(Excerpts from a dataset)
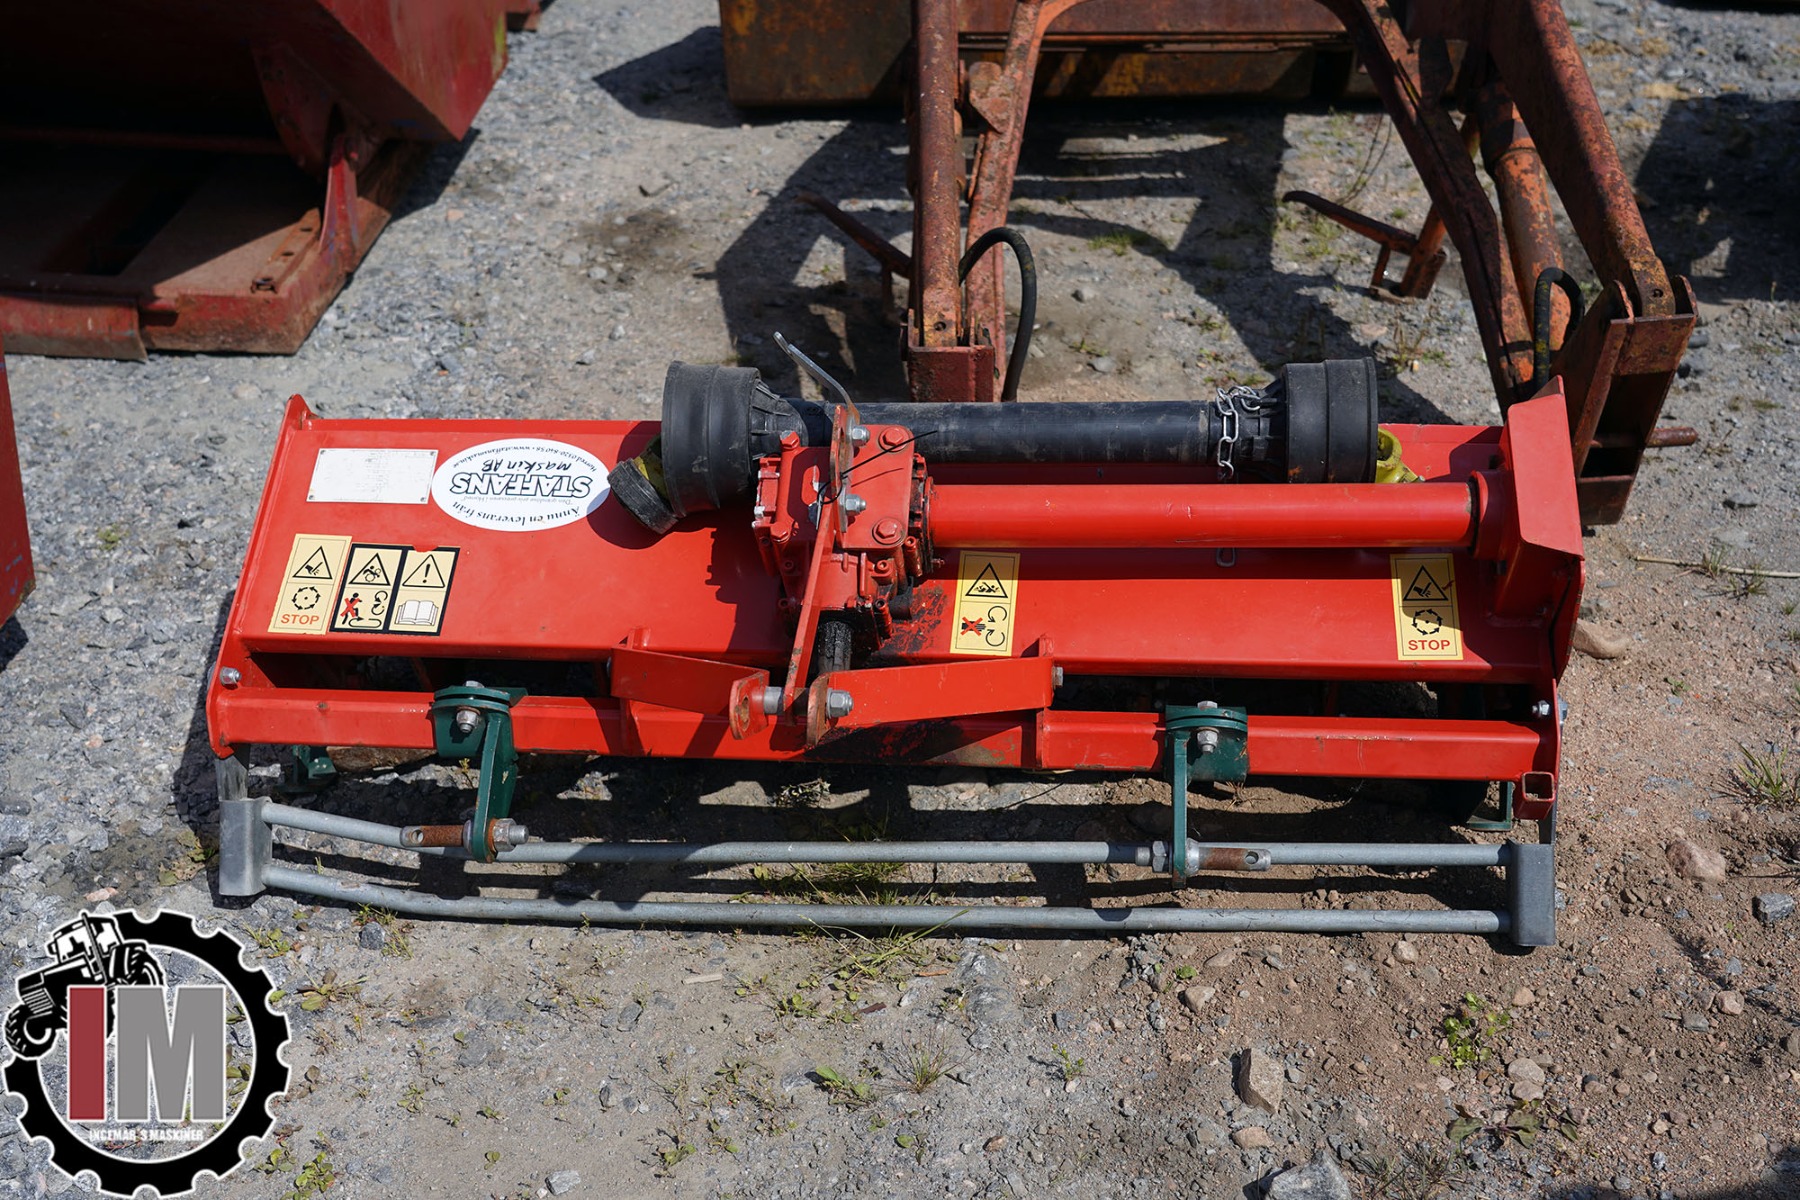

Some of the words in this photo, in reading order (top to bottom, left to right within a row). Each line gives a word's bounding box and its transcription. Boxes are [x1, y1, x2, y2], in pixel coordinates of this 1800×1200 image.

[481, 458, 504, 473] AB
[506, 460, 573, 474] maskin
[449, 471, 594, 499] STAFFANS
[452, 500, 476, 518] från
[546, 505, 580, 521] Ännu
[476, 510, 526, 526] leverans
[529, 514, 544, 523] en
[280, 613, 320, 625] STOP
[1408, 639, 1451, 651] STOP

ACTIVITY: I'd like every record above written out again exactly, without the pictures.

PROBLEM SOLUTION:
Some of the words in this photo, in reading order (top to bottom, left to right within a row). Each line gives a word's bounding box and its transcription. Boxes are [x1, y1, x2, y2], in pixel coordinates of this 1800×1200 image.

[481, 458, 504, 473] AB
[506, 460, 573, 474] maskin
[449, 471, 594, 499] STAFFANS
[452, 500, 476, 518] från
[546, 505, 580, 521] Ännu
[476, 510, 526, 526] leverans
[529, 514, 544, 523] en
[280, 613, 320, 625] STOP
[1408, 639, 1451, 651] STOP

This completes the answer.